# Migraines



## Birdy (May 14, 2009)

Last year I used to get a migraine every month about a week before my period. Then they went away and I was so relieved.
But now they're back and my period isn't until the end of the month and this is the first time I've gotten two in one month and it's really stressing me out.
Last friday I got one. I couldn't see or talk right and my whole arm and part of my face was numb, so I downed 4 excedrine migraine pills and those helped a little bit, but then the headache got worse so I forced myself to drive home where I passed out and when I woke up it was gone.
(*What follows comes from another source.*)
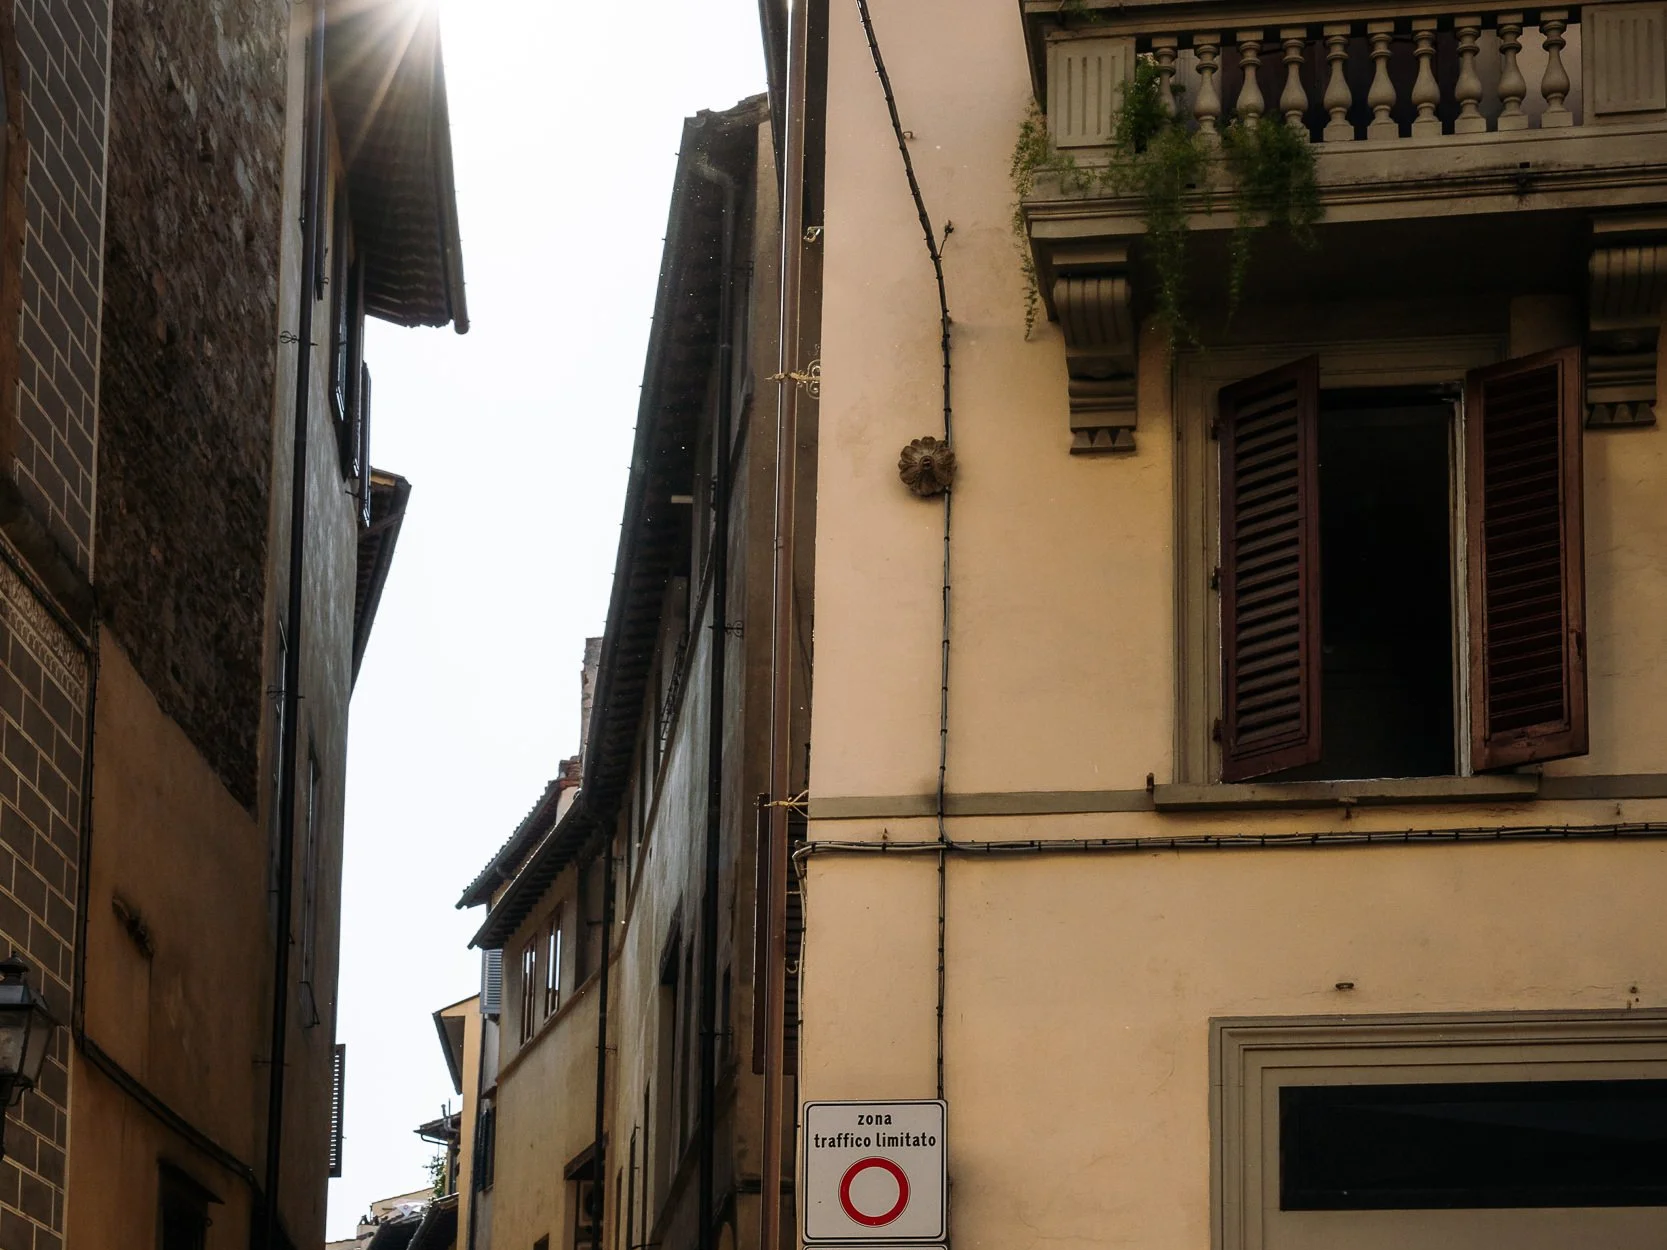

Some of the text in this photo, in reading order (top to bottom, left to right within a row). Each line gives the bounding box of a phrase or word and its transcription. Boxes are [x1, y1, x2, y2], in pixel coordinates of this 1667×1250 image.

It hasn't even been a week and I woke up with one this morning and now I'm really stressin out. I took some excedrine but it didn't do anything so I went outside and smoked a little bit of weed and it helped get me to sleep and took away a lot of the pain.

I was just wondering if you guys had any remedies that worked or any suggestions on what I should do. I'd goto the doctor, but I don't know if I really want to go through all the BS of getting an appointment then talking to someone who really doesn't care about the pain I'm experiencing.


----------



## rideitlikeyoustoleit (May 14, 2009)

I used to get migraines a lot and I started taking feverfew. It's an herb thats main medicinal use is to ease headaches. It seriously works for me, so it's worth a try.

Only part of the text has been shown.